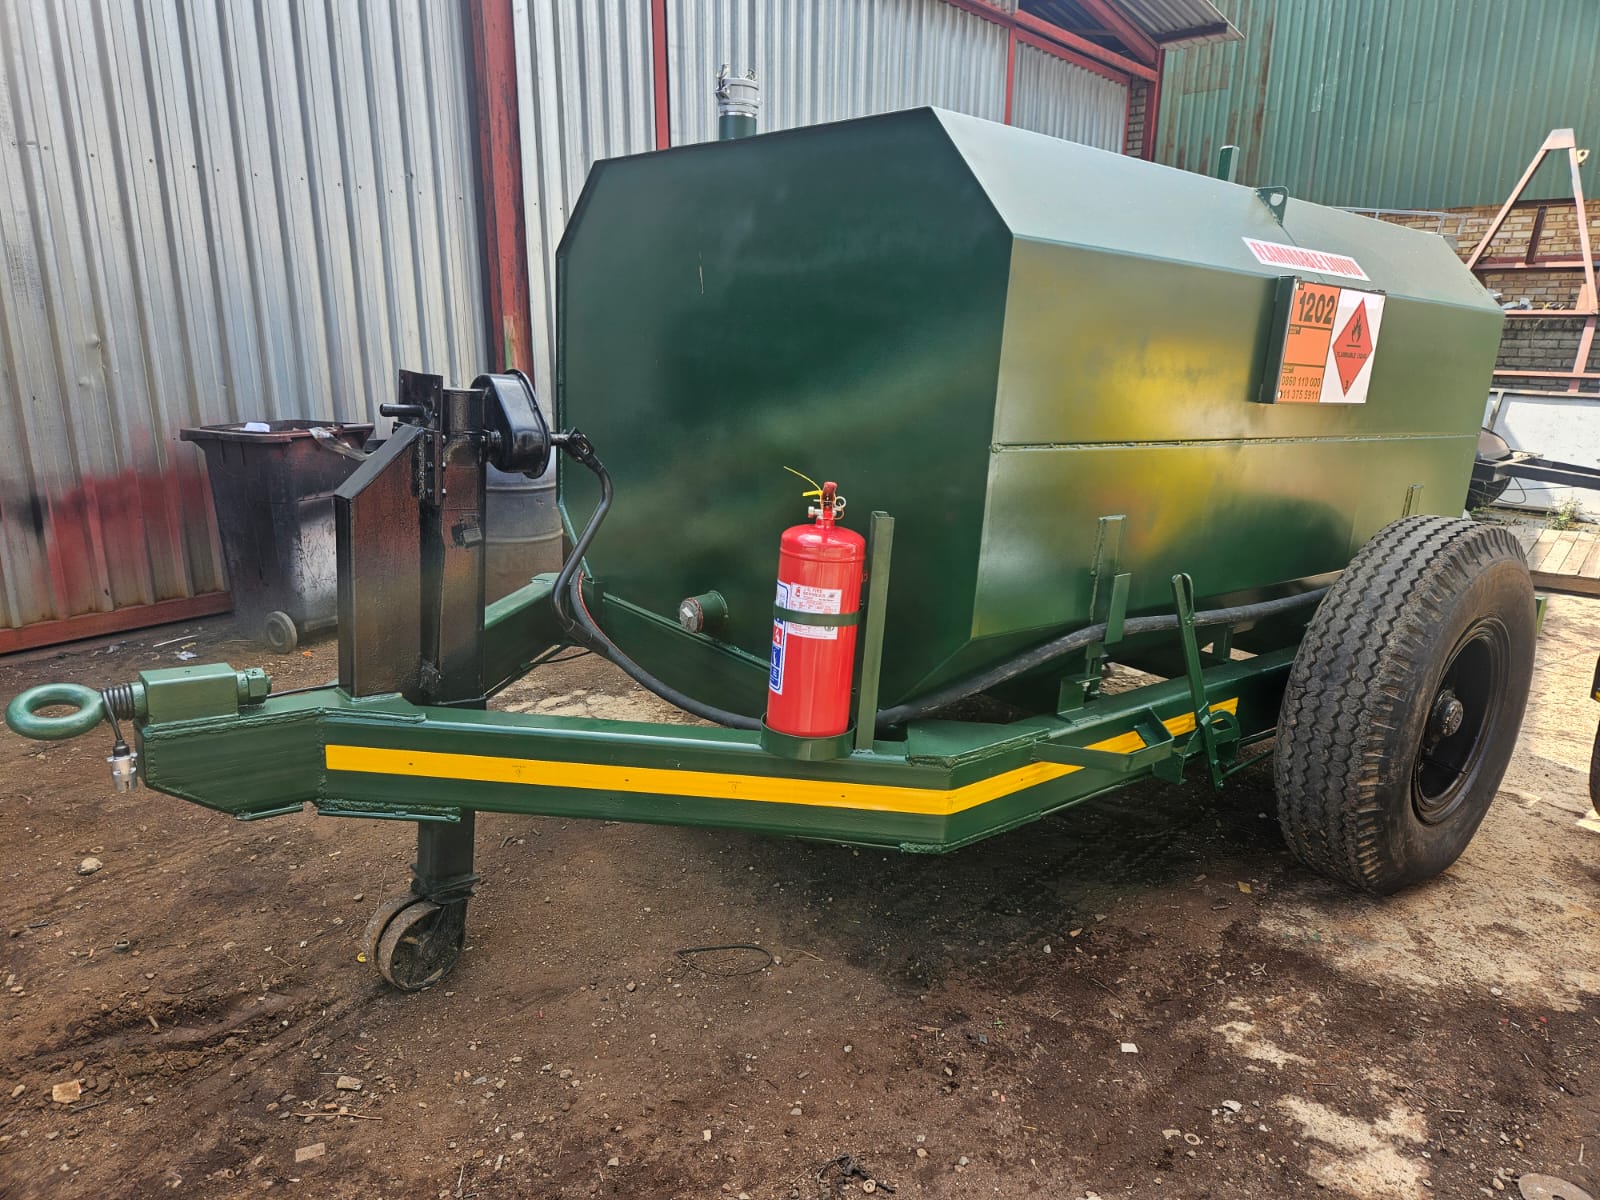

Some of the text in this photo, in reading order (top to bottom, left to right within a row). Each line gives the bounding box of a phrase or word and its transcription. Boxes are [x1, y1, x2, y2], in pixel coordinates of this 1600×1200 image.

[1249, 241, 1328, 270] FLAMMABLE
[1298, 291, 1336, 325] 1202
[1291, 389, 1303, 400] 375
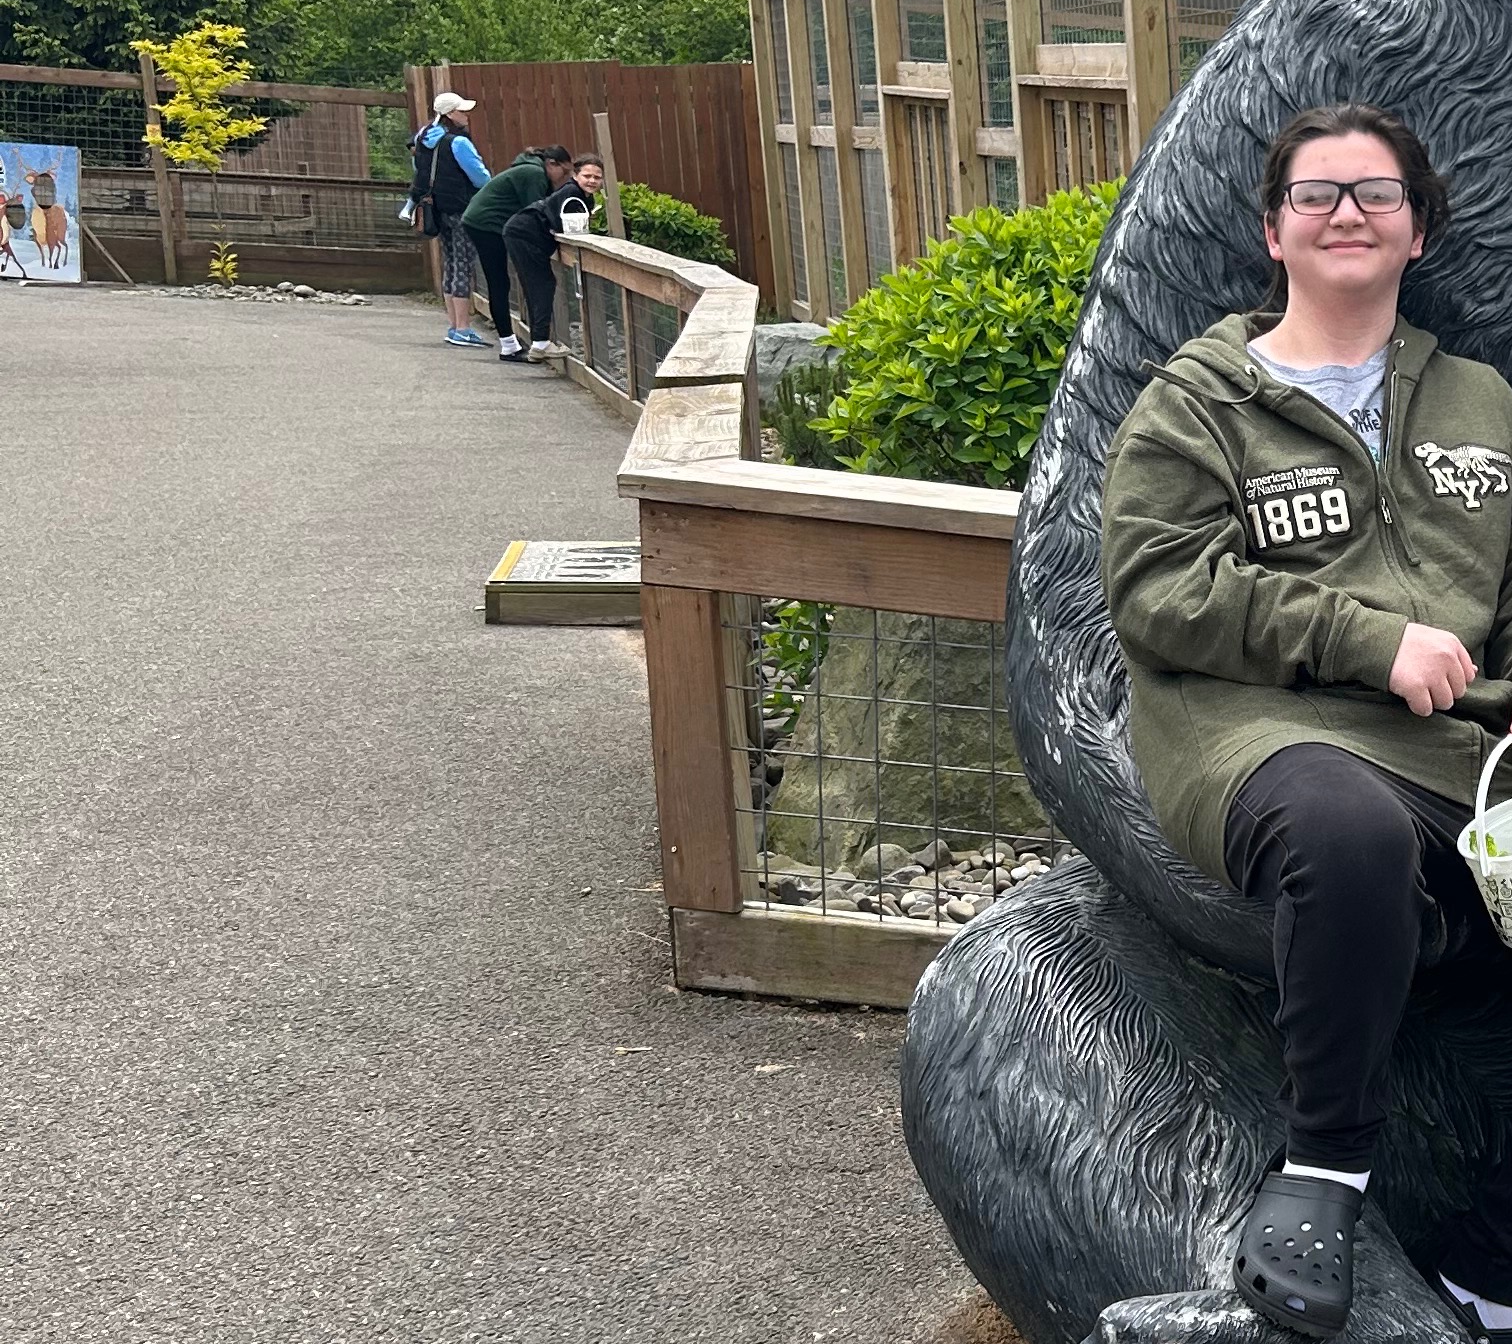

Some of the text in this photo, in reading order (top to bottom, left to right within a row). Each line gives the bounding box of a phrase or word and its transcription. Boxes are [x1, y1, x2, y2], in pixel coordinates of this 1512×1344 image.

[1244, 467, 1340, 489] American Museum
[1246, 476, 1335, 500] of Natural History
[1428, 467, 1480, 508] NY
[1246, 488, 1351, 549] 1869
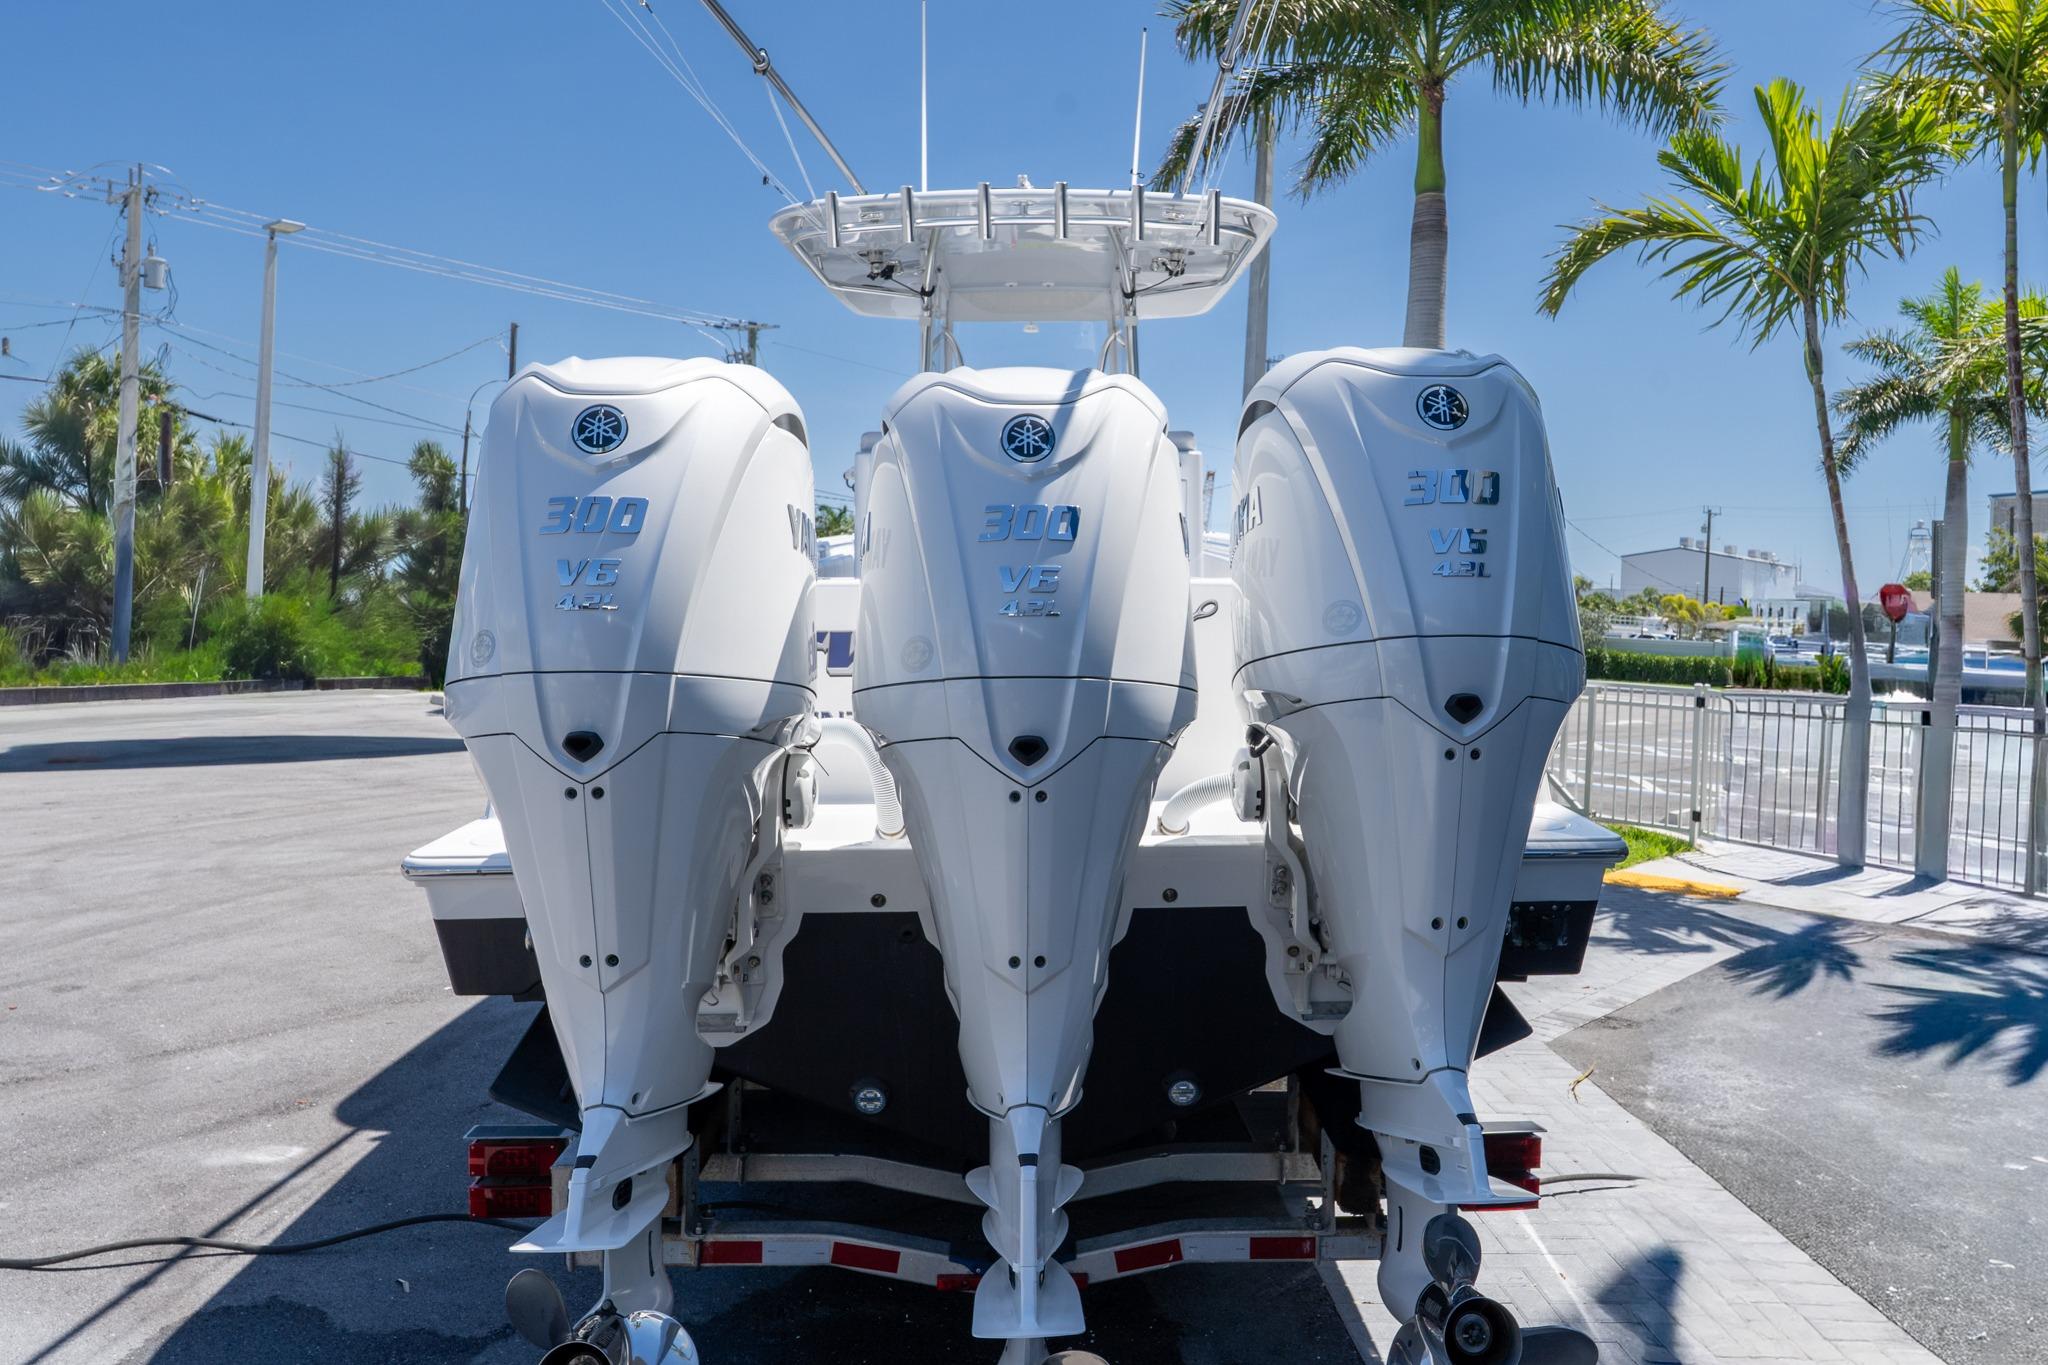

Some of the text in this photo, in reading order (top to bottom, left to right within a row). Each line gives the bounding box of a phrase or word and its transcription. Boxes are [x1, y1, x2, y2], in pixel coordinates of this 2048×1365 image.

[1404, 469, 1500, 506] 300
[539, 496, 649, 535] 300
[977, 504, 1081, 542] 300
[1430, 528, 1488, 554] V6
[556, 558, 621, 586] V6
[999, 565, 1061, 593] V6
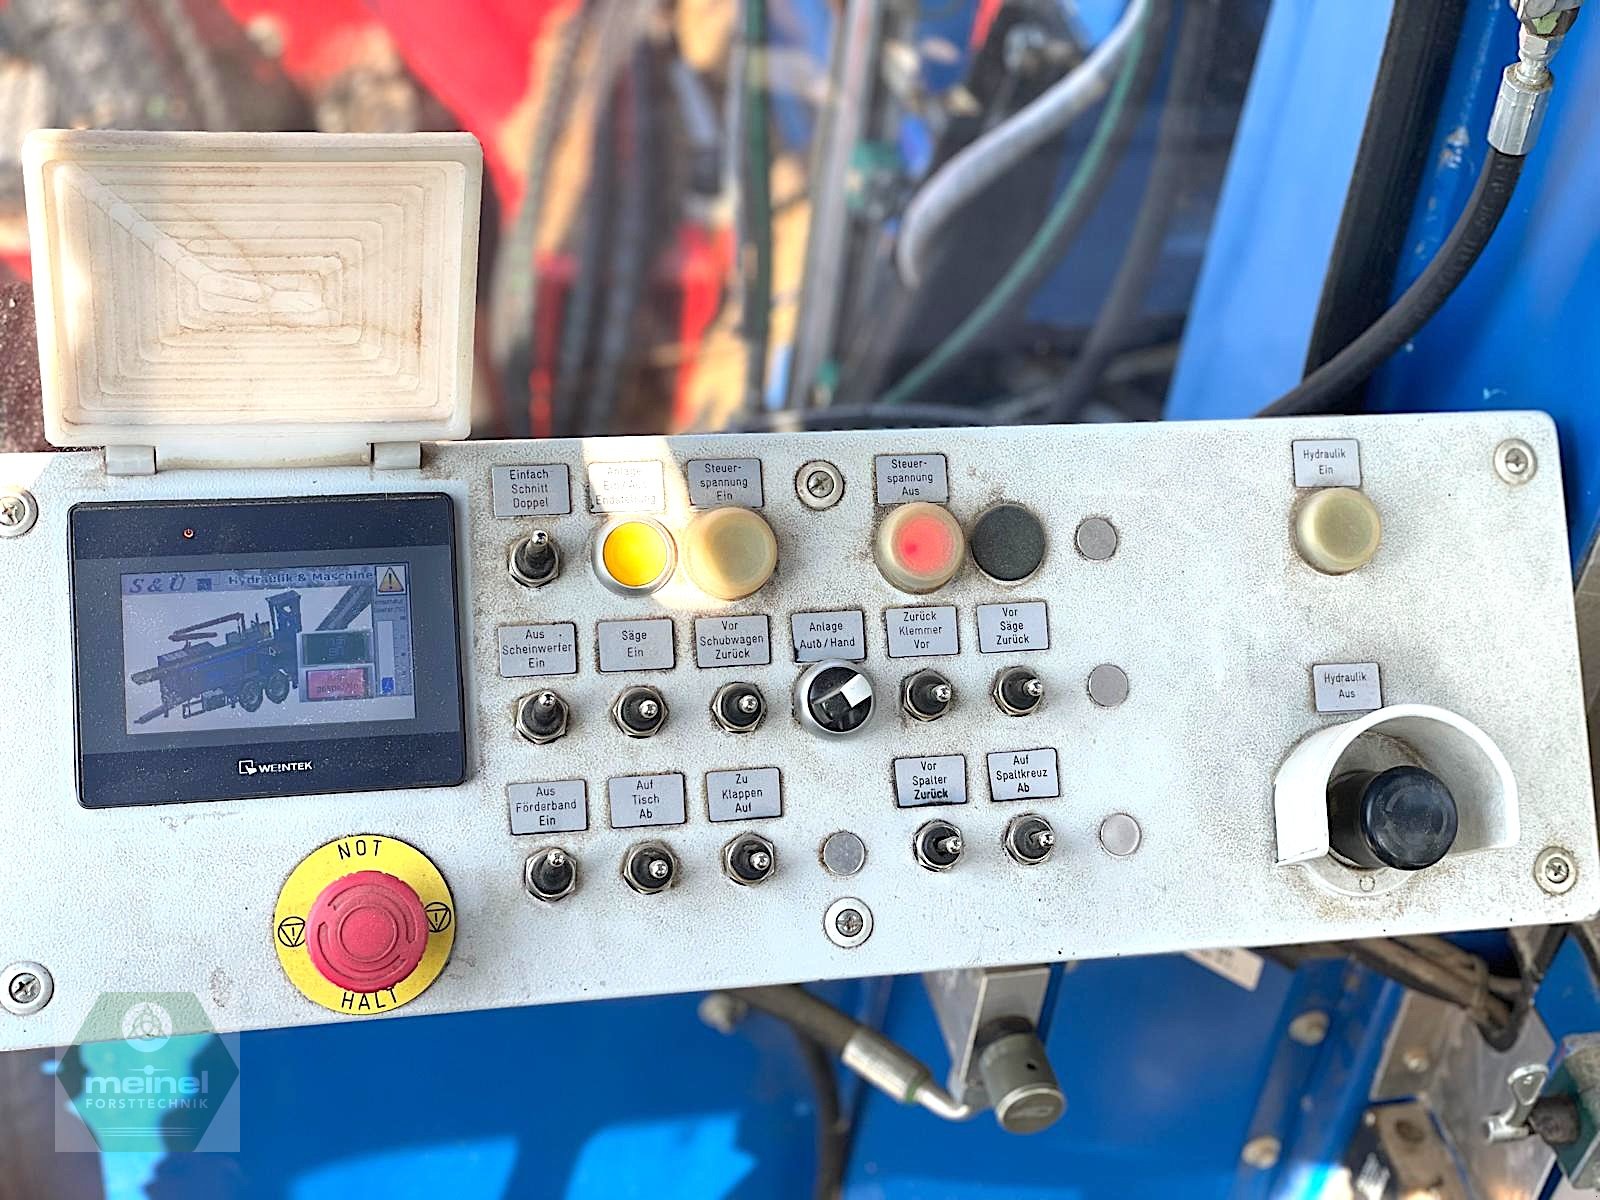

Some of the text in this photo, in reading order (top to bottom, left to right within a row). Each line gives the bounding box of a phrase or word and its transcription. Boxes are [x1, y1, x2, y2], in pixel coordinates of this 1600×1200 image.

[1303, 448, 1346, 461] Hydraulik
[704, 463, 742, 474] Steuer-
[891, 459, 927, 469] Steuer-
[509, 470, 549, 480] Einfach
[1319, 465, 1334, 475] Ein
[700, 477, 748, 488] spannung
[887, 474, 933, 485] spannung
[511, 484, 549, 494] Schnitt
[902, 486, 920, 496] Aus
[717, 491, 733, 501] Ein
[513, 498, 549, 509] Doppel
[228, 569, 373, 586] Hydraulik & Maschine
[129, 579, 144, 593] S
[903, 610, 937, 622] Zurück
[1002, 607, 1018, 618] Vor
[721, 620, 738, 631] Vor
[809, 621, 843, 633] Anlage
[899, 625, 943, 636] Klemmer
[1000, 620, 1024, 632] Säge
[525, 629, 545, 640] Aus
[621, 630, 647, 643] Säge
[996, 633, 1030, 645] Zurück
[700, 634, 764, 648] Schubwagen
[913, 639, 930, 650] Vor
[502, 642, 572, 656] Scheinwerfer
[627, 647, 644, 658] Ein
[715, 648, 751, 660] Zurück
[528, 658, 545, 669] Ein
[1324, 672, 1367, 685] Hydraulik
[1339, 689, 1356, 699] Aus
[920, 761, 937, 771] Vor
[1013, 755, 1029, 766] Auf
[258, 761, 312, 773] WEINTEK
[735, 774, 748, 785] Zu
[996, 769, 1048, 782] Spaltkreuz
[636, 780, 654, 791] Auf
[912, 776, 947, 788] Spalter
[1017, 782, 1030, 793] Ab
[535, 786, 556, 797] Aus
[721, 787, 763, 800] Klappen
[914, 788, 949, 800] Zurück
[632, 793, 660, 805] Tisch
[516, 799, 577, 812] Förderband
[734, 803, 751, 814] Auf
[639, 808, 653, 819] Ab
[539, 815, 556, 826] Ein
[338, 840, 382, 860] NOT
[341, 987, 397, 1010] HALT

════

#### Your goal
Restate every record exactly, please; do not copy the pictures.

#### Answer for this exercise
Some of the text in this photo, in reading order (top to bottom, left to right within a row). Each line gives the bounding box of a phrase or word and its transcription. Boxes are [x1, y1, x2, y2], in pixel coordinates of this 1600×1200 image.

[1249, 241, 1328, 270] FLAMMABLE
[1298, 291, 1336, 325] 1202
[1291, 389, 1303, 400] 375

Some of the text in this photo, in reading order (top to bottom, left to right within a row). Each line gives the bounding box of a phrase or word and its transcription. Boxes are [x1, y1, x2, y2], in pixel coordinates of this 1512×1344 image.

[1244, 467, 1340, 489] American Museum
[1246, 476, 1335, 500] of Natural History
[1428, 467, 1480, 508] NY
[1246, 488, 1351, 549] 1869

Some of the text in this photo, in reading order (top to bottom, left to right within a row). Each line gives the bounding box of a phrase or word and its transcription. Boxes are [x1, y1, x2, y2], in pixel coordinates of this 2048×1365 image.

[1404, 469, 1500, 506] 300
[539, 496, 649, 535] 300
[977, 504, 1081, 542] 300
[1430, 528, 1488, 554] V6
[556, 558, 621, 586] V6
[999, 565, 1061, 593] V6

Some of the text in this photo, in reading order (top to bottom, left to right within a row). Each line gives the bounding box of a phrase or word and its transcription. Boxes are [x1, y1, x2, y2], in pixel coordinates of this 1600×1200 image.

[1303, 448, 1346, 461] Hydraulik
[704, 463, 742, 474] Steuer-
[891, 459, 927, 469] Steuer-
[509, 470, 549, 480] Einfach
[1319, 465, 1334, 475] Ein
[700, 477, 748, 488] spannung
[887, 474, 933, 485] spannung
[511, 484, 549, 494] Schnitt
[902, 486, 920, 496] Aus
[717, 491, 733, 501] Ein
[513, 498, 549, 509] Doppel
[228, 569, 373, 586] Hydraulik & Maschine
[129, 579, 144, 593] S
[903, 610, 937, 622] Zurück
[1002, 607, 1018, 618] Vor
[721, 620, 738, 631] Vor
[809, 621, 843, 633] Anlage
[899, 625, 943, 636] Klemmer
[1000, 620, 1024, 632] Säge
[525, 629, 545, 640] Aus
[621, 630, 647, 643] Säge
[996, 633, 1030, 645] Zurück
[700, 634, 764, 648] Schubwagen
[913, 639, 930, 650] Vor
[502, 642, 572, 656] Scheinwerfer
[627, 647, 644, 658] Ein
[715, 648, 751, 660] Zurück
[528, 658, 545, 669] Ein
[1324, 672, 1367, 685] Hydraulik
[1339, 689, 1356, 699] Aus
[920, 761, 937, 771] Vor
[1013, 755, 1029, 766] Auf
[258, 761, 312, 773] WEINTEK
[735, 774, 748, 785] Zu
[996, 769, 1048, 782] Spaltkreuz
[636, 780, 654, 791] Auf
[912, 776, 947, 788] Spalter
[1017, 782, 1030, 793] Ab
[535, 786, 556, 797] Aus
[721, 787, 763, 800] Klappen
[914, 788, 949, 800] Zurück
[632, 793, 660, 805] Tisch
[516, 799, 577, 812] Förderband
[734, 803, 751, 814] Auf
[639, 808, 653, 819] Ab
[539, 815, 556, 826] Ein
[338, 840, 382, 860] NOT
[341, 987, 397, 1010] HALT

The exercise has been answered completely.